Each time a conversation begins about using different databases as a data source, the topic of record identifiers, objects, or something else appears. Sometimes approval of the exchange protocol can be considered by the participants for several months. int



- bigint



- guid



, further in a circle. For volumetric tasks, taking into account that natively in R there is no bigint



support (capacity ~ 2 ^ 64), the choice of the correct presentation of such identifiers can be critical in terms of performance. Is there an obvious and universal workaround? Below are a few practical considerations that can be used in projects as a litmus test.
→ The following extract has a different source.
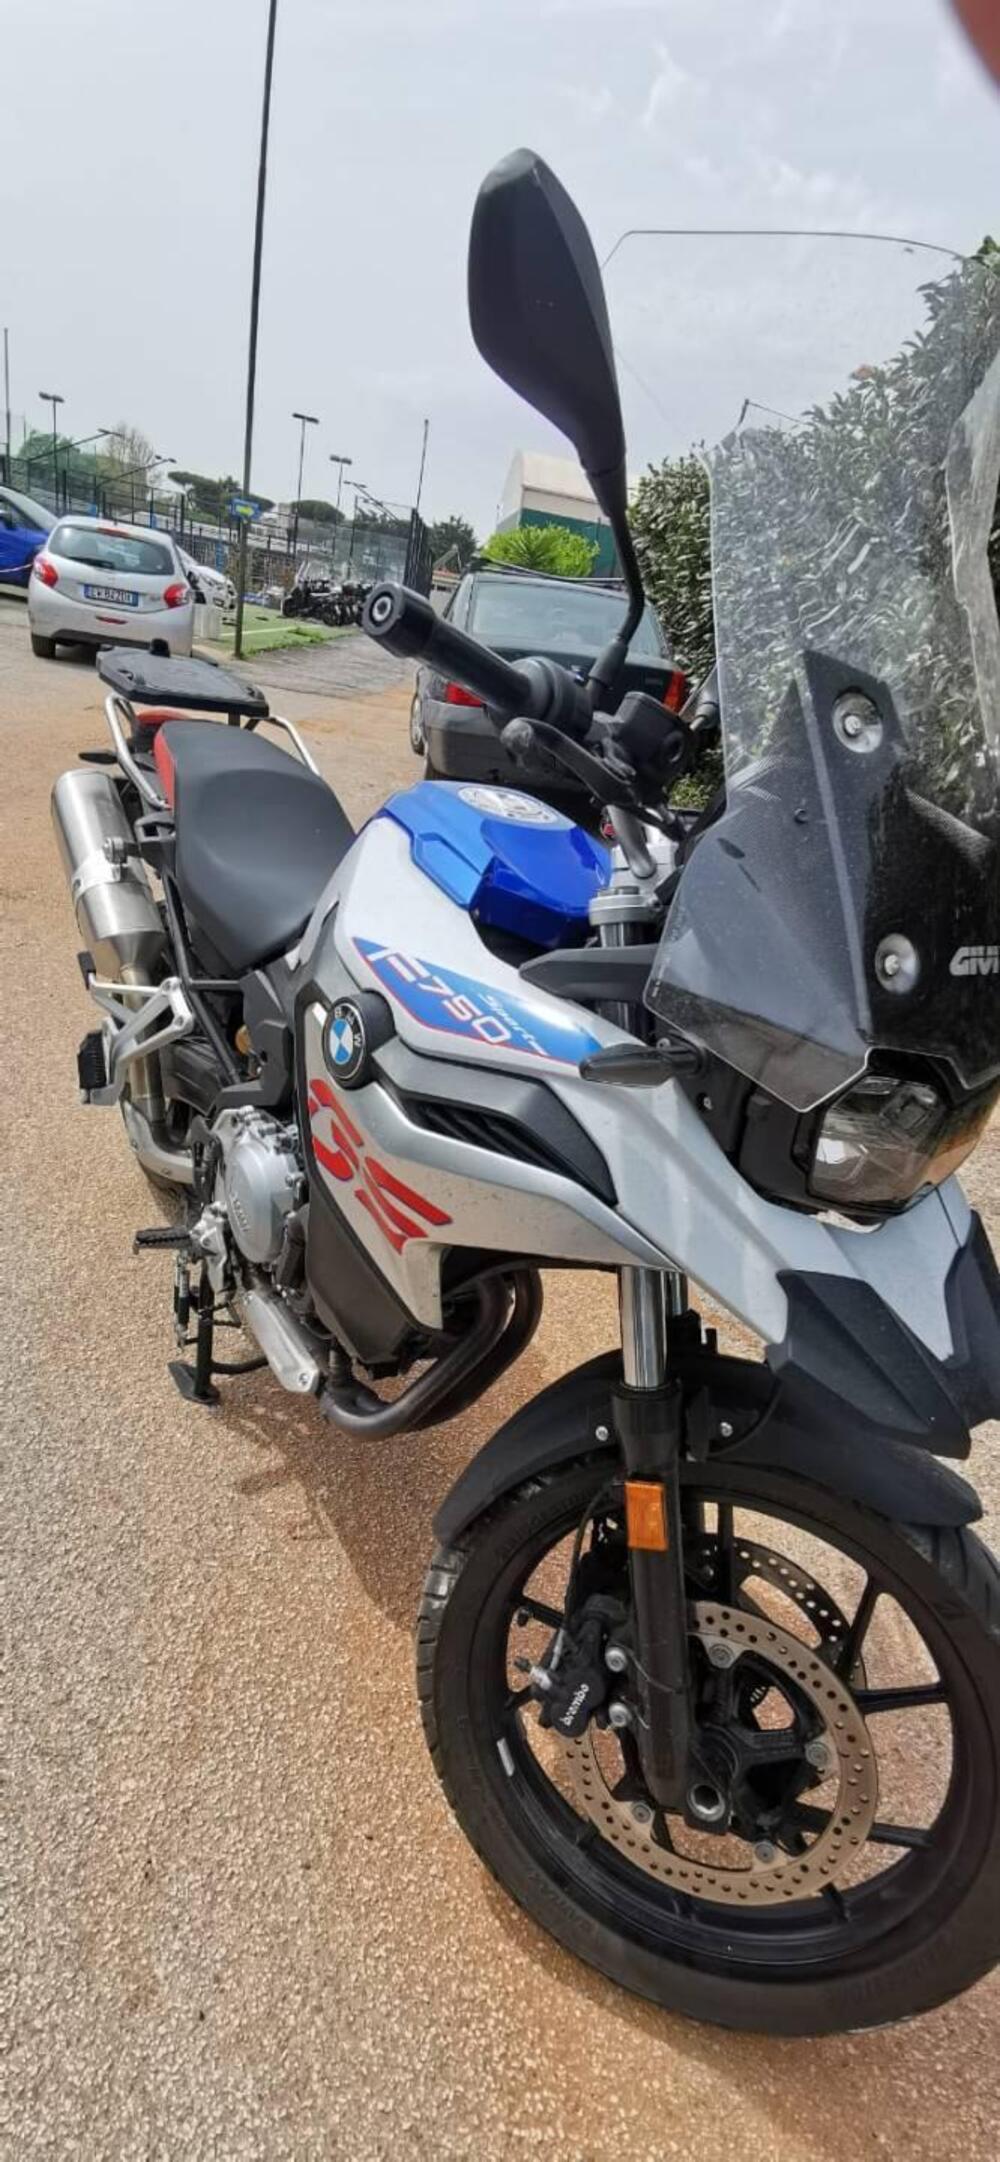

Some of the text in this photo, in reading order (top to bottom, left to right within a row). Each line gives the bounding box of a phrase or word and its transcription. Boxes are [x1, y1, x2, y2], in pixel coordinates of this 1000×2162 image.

Typically, identifiers will be used for three classes of tasks:









Based on this, we will evaluate various approaches.
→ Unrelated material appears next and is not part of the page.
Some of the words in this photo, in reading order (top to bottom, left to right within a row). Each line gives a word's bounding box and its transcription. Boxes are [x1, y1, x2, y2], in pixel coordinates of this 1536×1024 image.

It is a continuation of previous publications .







Store as string





The option for small data is quite good. Here and the ability to pick up any length of the identifier, and the ability to support not only numeric, but also alphanumeric identifiers. An additional advantage is the guaranteed ability to correctly receive data through any non-native database protocol, for example, through the REST API of the gateway.
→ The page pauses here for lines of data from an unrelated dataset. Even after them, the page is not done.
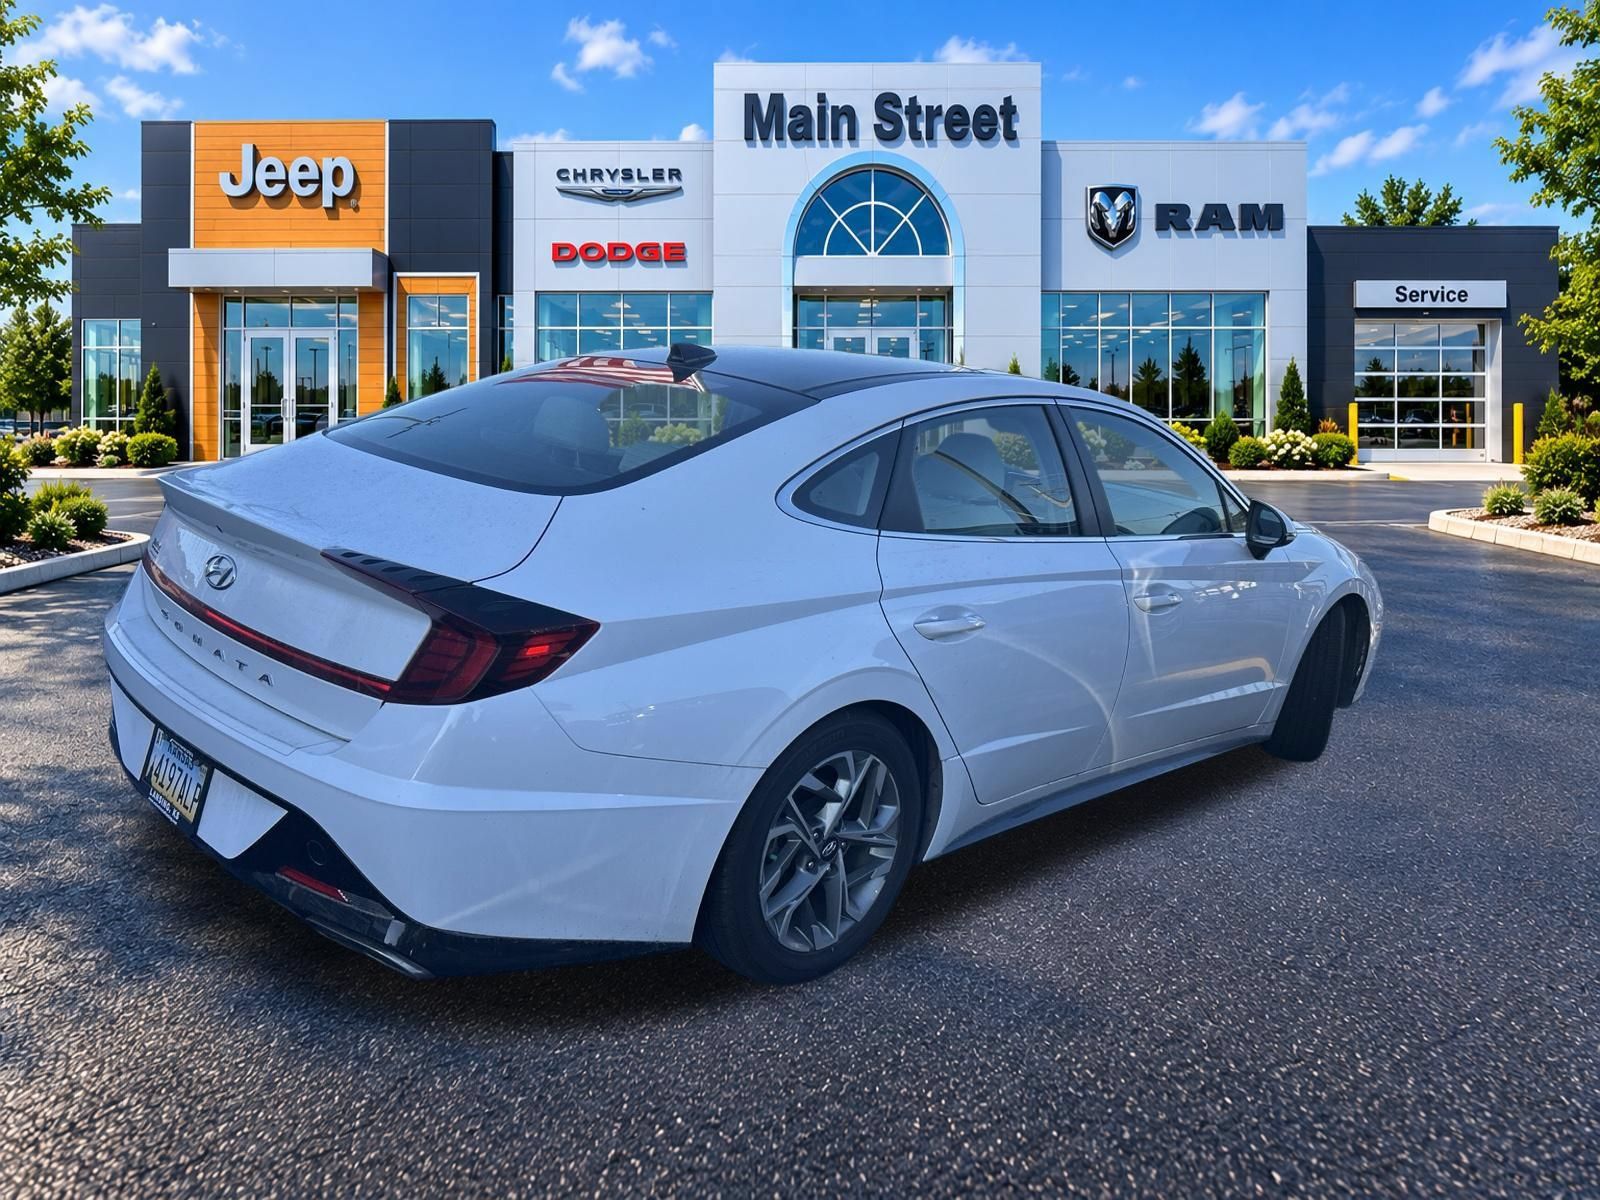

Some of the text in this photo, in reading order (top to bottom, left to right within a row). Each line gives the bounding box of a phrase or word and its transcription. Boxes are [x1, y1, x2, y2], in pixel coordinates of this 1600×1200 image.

[744, 91, 1018, 141] Main Street
[219, 143, 355, 208] Jeep
[556, 168, 683, 182] CHRYSLER
[1155, 203, 1285, 231] RAM
[552, 242, 687, 262] DODGE
[1395, 285, 1469, 303] Service
[161, 609, 274, 687] SONATA
Cons are also obvious. High memory consumption, increased information volume from the database, degradation of performance both at the network level and at the computational level.







We use the bit64



package



Many who have heard only the name of this package may think that here it is, the perfect solution. Alas, this is not entirely true. Not only is this an add-on on top of numeric



(quote: ' Again the choice is obvious: R has only one 64 bit data type: doubles. By using doubles,

integer64 inherits some functionality such as is.atomic, length, length <-, names, names <-, dim, dim <-, dimnames, dimnames. ' ), so there is still a massive expansion of basic arithmetic and there are no guarantees that it will not explode anywhere and there will be no conflict with other packages.







We use type numeric





This is a completely correct trick, which is a good compromise for those who know what exactly will be hidden in the int64



response from the database. After all, not all 64 bits will really be involved there. Often there may be a number much less than 2 ^ 64.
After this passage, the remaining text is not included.